Le Parlement allemand a définitivement adopté le 21 mars le plan géant d’investissements du chancelier Friedrich Merz visant à réarmer et moderniser le pays.
Concrètement, le gouvernement du Chancelier chrétien-démocrate Frederich Merz va desserrer le « frein à l’endettement », qui limite la capacité d’emprunt du pays, pour les dépenses militaires et pour les régions. S’y ajoute un fonds spécial – hors budget – de 500 Mds€ sur 12 ans pour moderniser les infrastructures et relancer la première économie européenne, dont 100 Mds€ affectés aux projets contribuant à la transition climatique.

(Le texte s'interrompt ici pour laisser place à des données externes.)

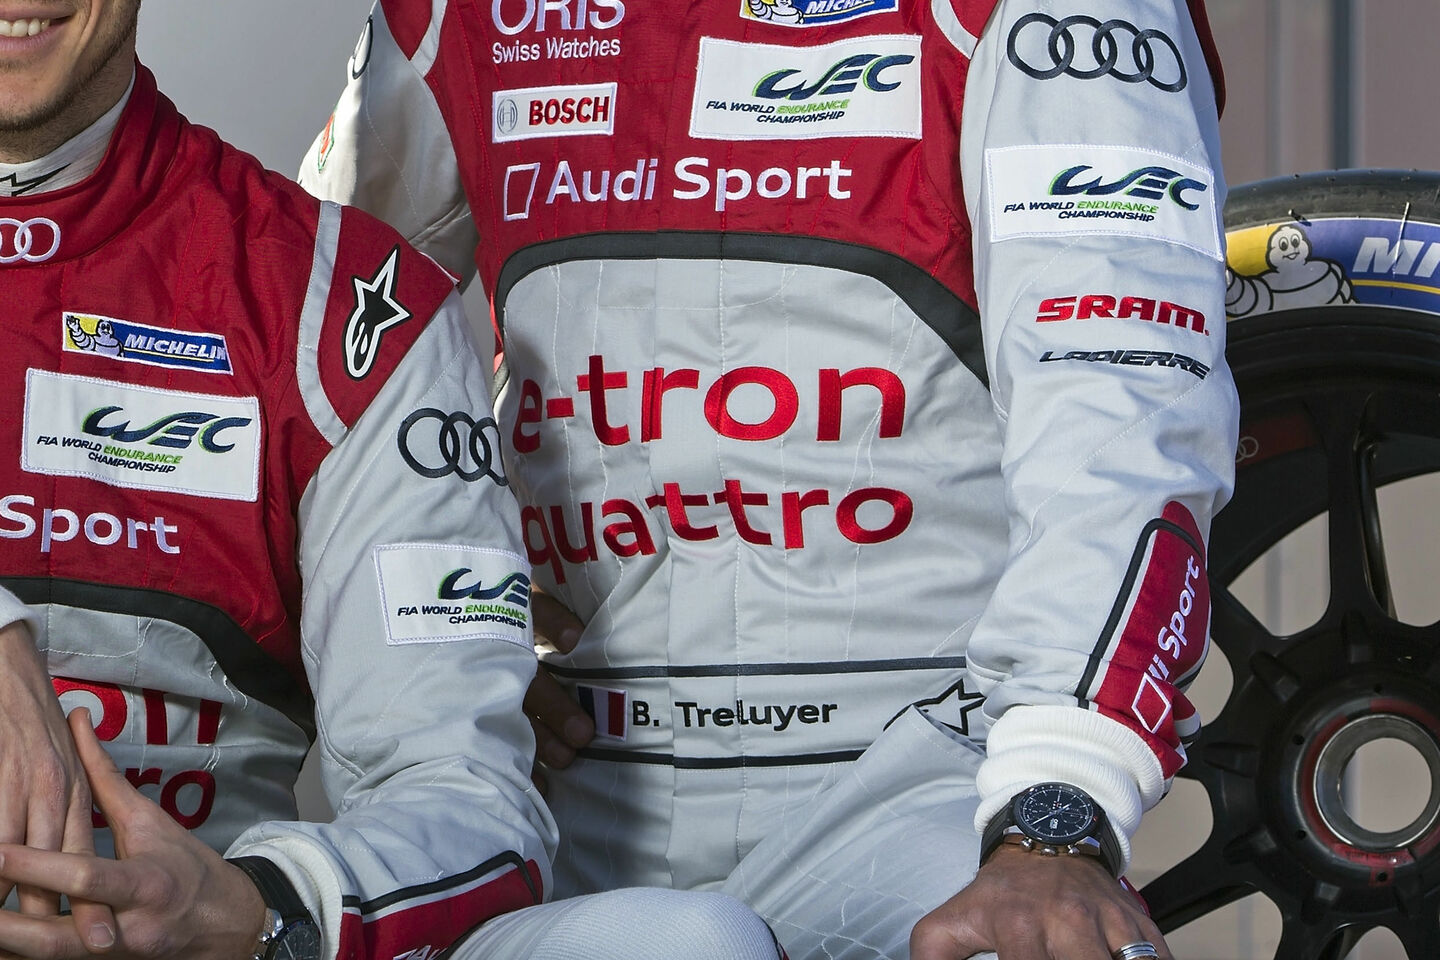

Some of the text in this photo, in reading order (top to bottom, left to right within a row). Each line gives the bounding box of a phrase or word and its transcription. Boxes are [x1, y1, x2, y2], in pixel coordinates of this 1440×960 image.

Longtemps obsédée par la discipline budgétaire, l’Allemagne doit ouvrir les vannes pour refaire ses ponts, ses routes, son réseau ferré, ses écoles, ses hôpitaux… « Les investissements ont été négligés pendant trop longtemps et un grand nombre d’infrastructures allemandes sont en mauvais état », confirme Tim Lorenz, PDG des activités de proximité de Vinci Construction en Allemagne. Certains ponts sont tellement dégradés qu’ils doivent être fermés, notamment au cœur de la capitale allemande. Cette situation n’est plus tenable. »
La première économie européenne était en effet au 27ème rang mondial pour la qualité des infrastructures en 2024 dans le Global Innovation Index – contre le 12ème rang en 2020. Au moins 5000 ponts sont ainsi à rénover dans le pays, selon le ministère des Transports, et pour eux le besoin total d’investissement s’élève à 100 Mds€, selon un rapport récent de la fédération européenne d’ONG T&E (Transport & Environnement). Sur les autoroutes et les routes fédérales, un pont sur trois doit être réparé, voire entièrement reconstruit, selon l’étude.
Des réseaux à développer
Au-delà du génie civil, c’est également l’infrastructure réseau du pays qui est à moderniser. « Il y a 100 Mds€ annoncés au niveau de la transition écologique. De quoi parle-t-on exactement ? Est-ce que les grandes liaisons électriques nord-sud vont pouvoir émarger à ce programme ? », s’interroge Yves Metz, président d’Ingérop qui se développe depuis plusieurs années en Allemagne.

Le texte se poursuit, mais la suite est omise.